Definition
A composite laminate in which the ply orientations and materials are arranged as a mirror image about the centerline of the laminate stack. For every ply at a given orientation above the midplane, there is an identical ply at the same orientation and the same distance below the midplane.
Plain English
A stack of composite layers built so that the top half is a mirror image of the bottom half. Each layer above the middle is matched by an identical layer the same distance below the middle.
Context Anchor
Seen in composite aircraft structure, composite repair instructions, and maintenance drawings that specify how layers of fiberglass, carbon fiber, or other composite cloth must be laid up.
Derivation
Symmetrical comes from the Greek 'symmetria,' meaning 'same measure on both sides.' Laminate comes from Latin 'lamina,' meaning 'thin plate or layer.' Together: layers arranged with the same measure on each side of the center.
Why Pilots Care
A symmetrical layup keeps the part dimensionally stable.
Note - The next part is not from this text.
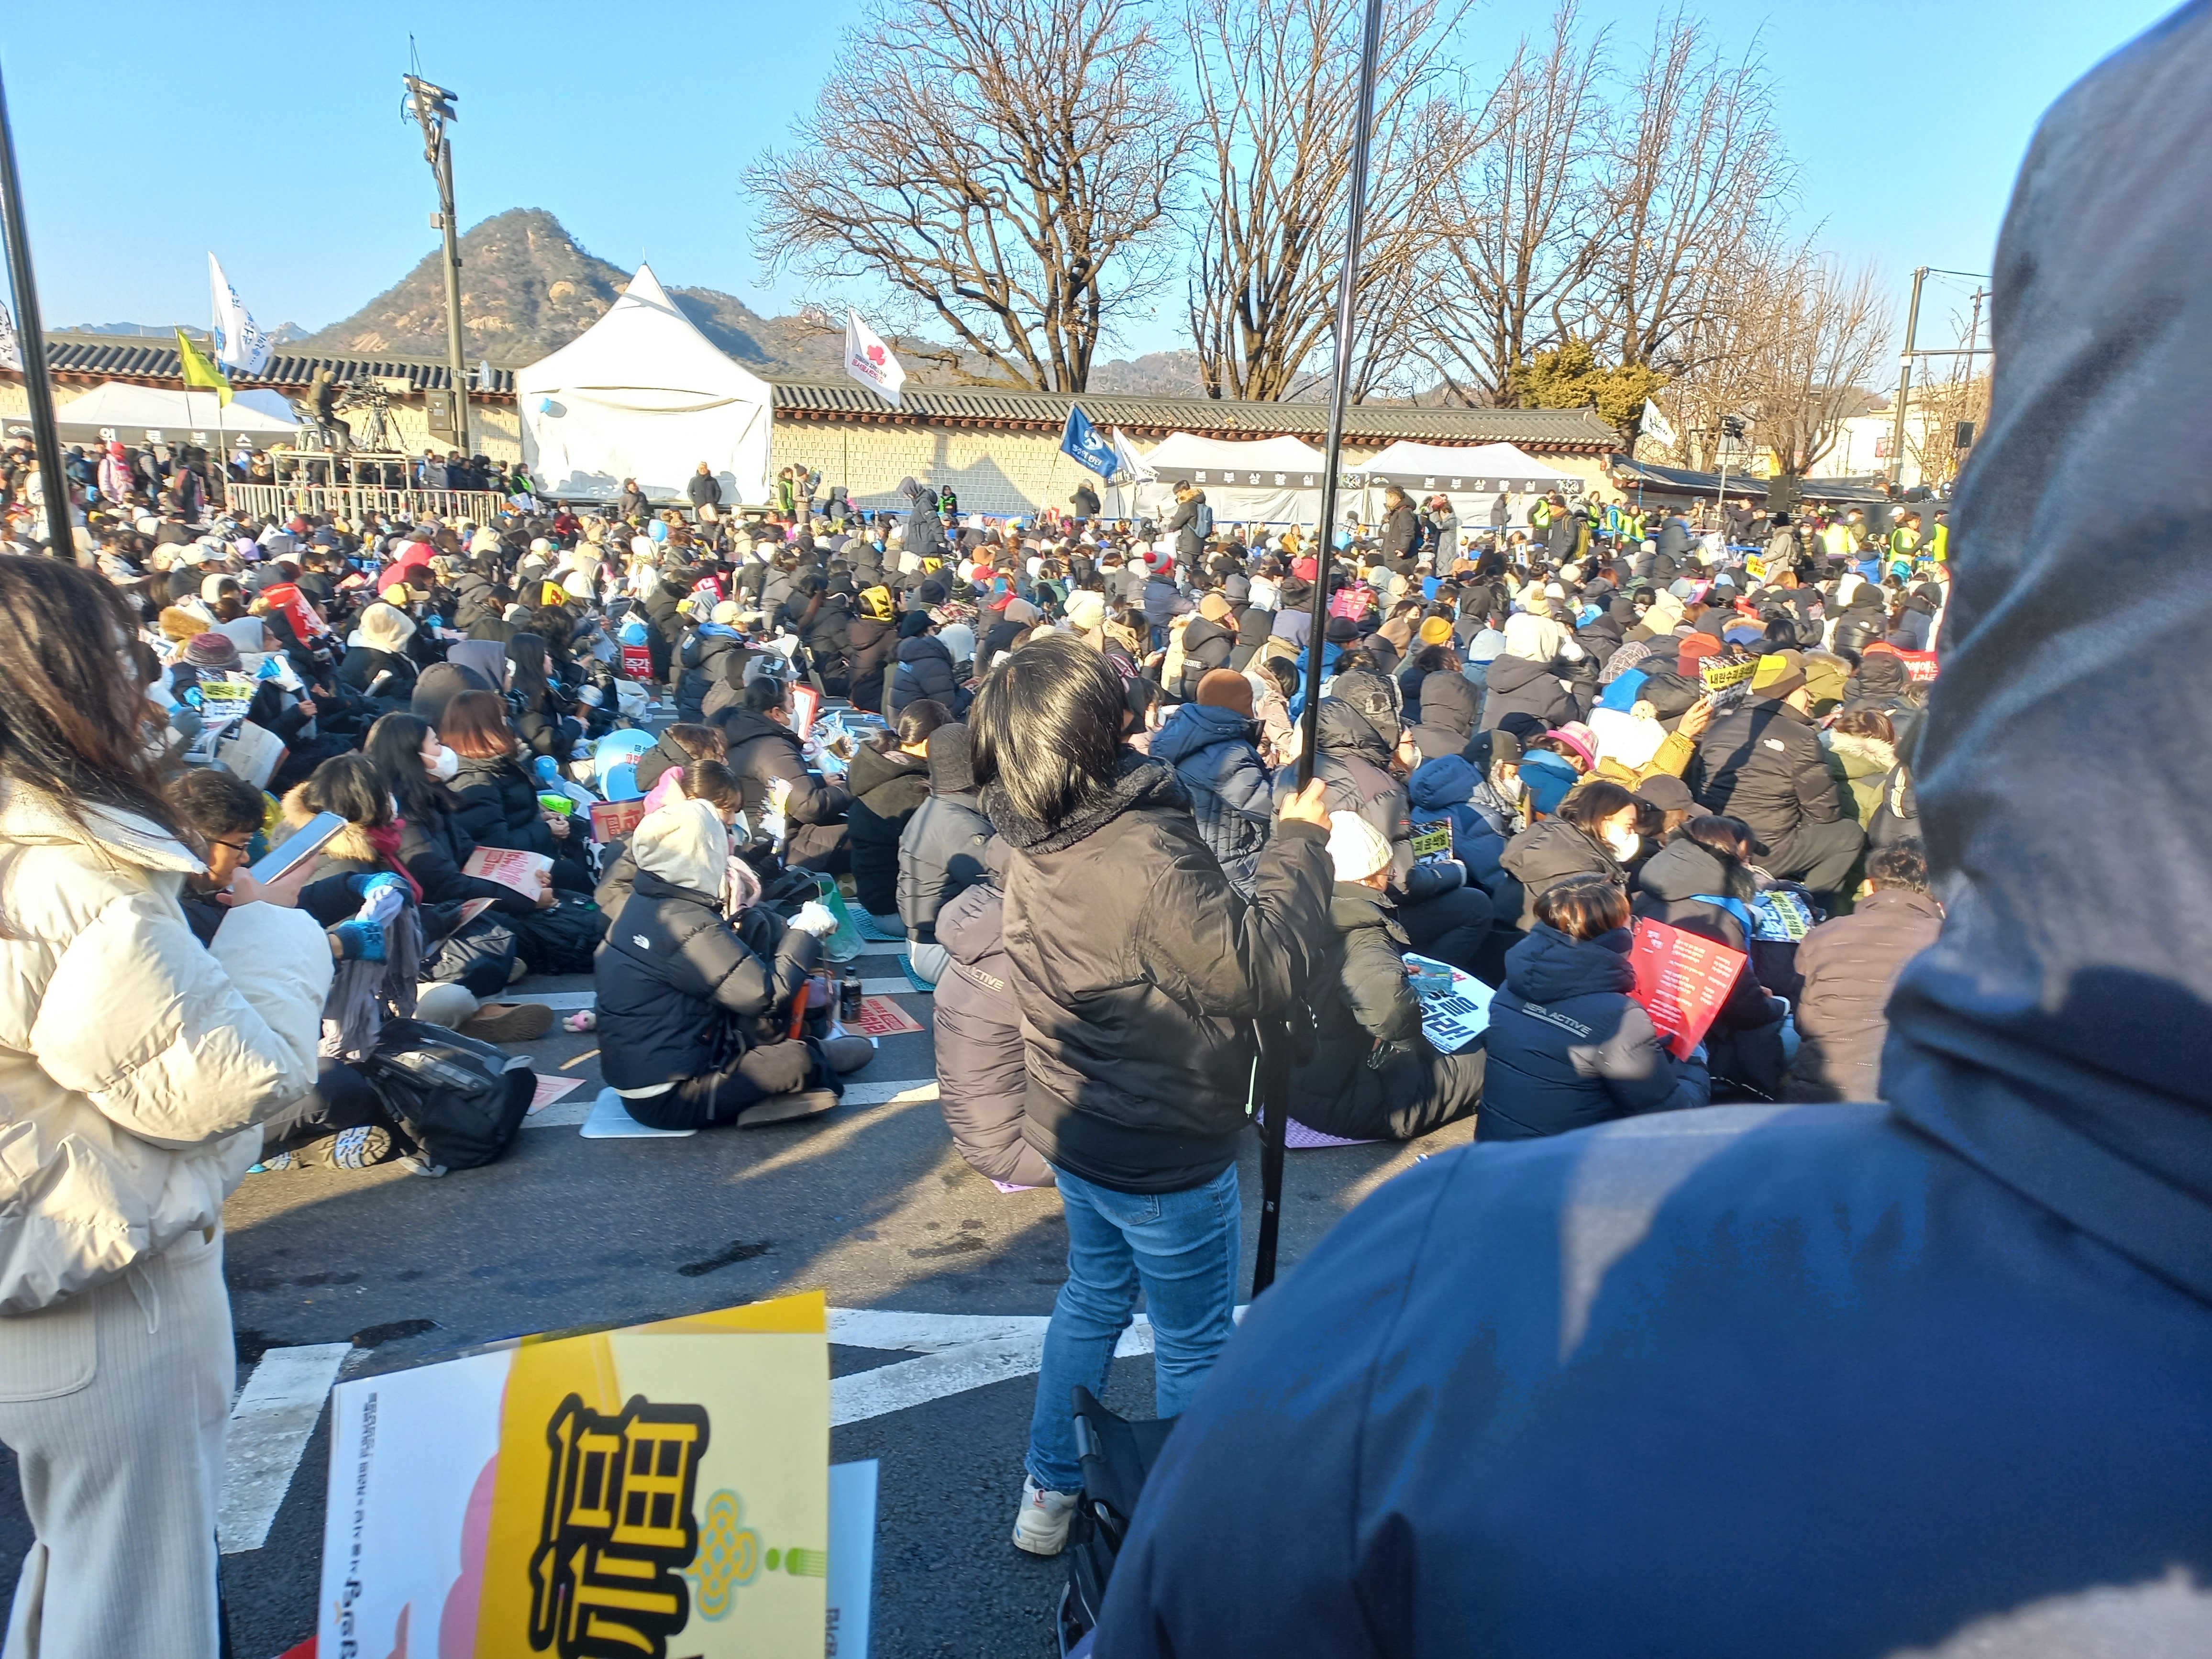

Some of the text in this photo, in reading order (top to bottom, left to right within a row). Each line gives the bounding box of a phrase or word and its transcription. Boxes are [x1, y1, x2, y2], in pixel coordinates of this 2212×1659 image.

An unsymmetrical laminate can warp or twist as it cures or as temperature changes, which matters for control surfaces, skins, and any repair work where the part must stay true to shape.
Analogy
Think of stacking colored sheets of paper so the order above the middle is mirrored below the middle. If the stack is red-blue-green-green-blue-red, it is symmetrical around the center.
Intuition Check
Symmetrical does not just mean the finished part looks even from the outside. Here it means the internal layer pattern is mirrored through the thickness of the laminate.
Example Sentence 1
The repair was built up as a symmetrical laminate so the panel would not warp after curing.
Example Sentence 2
Because the laminate was symmetrical, the cured part remained flat and required no additional shimming during installation.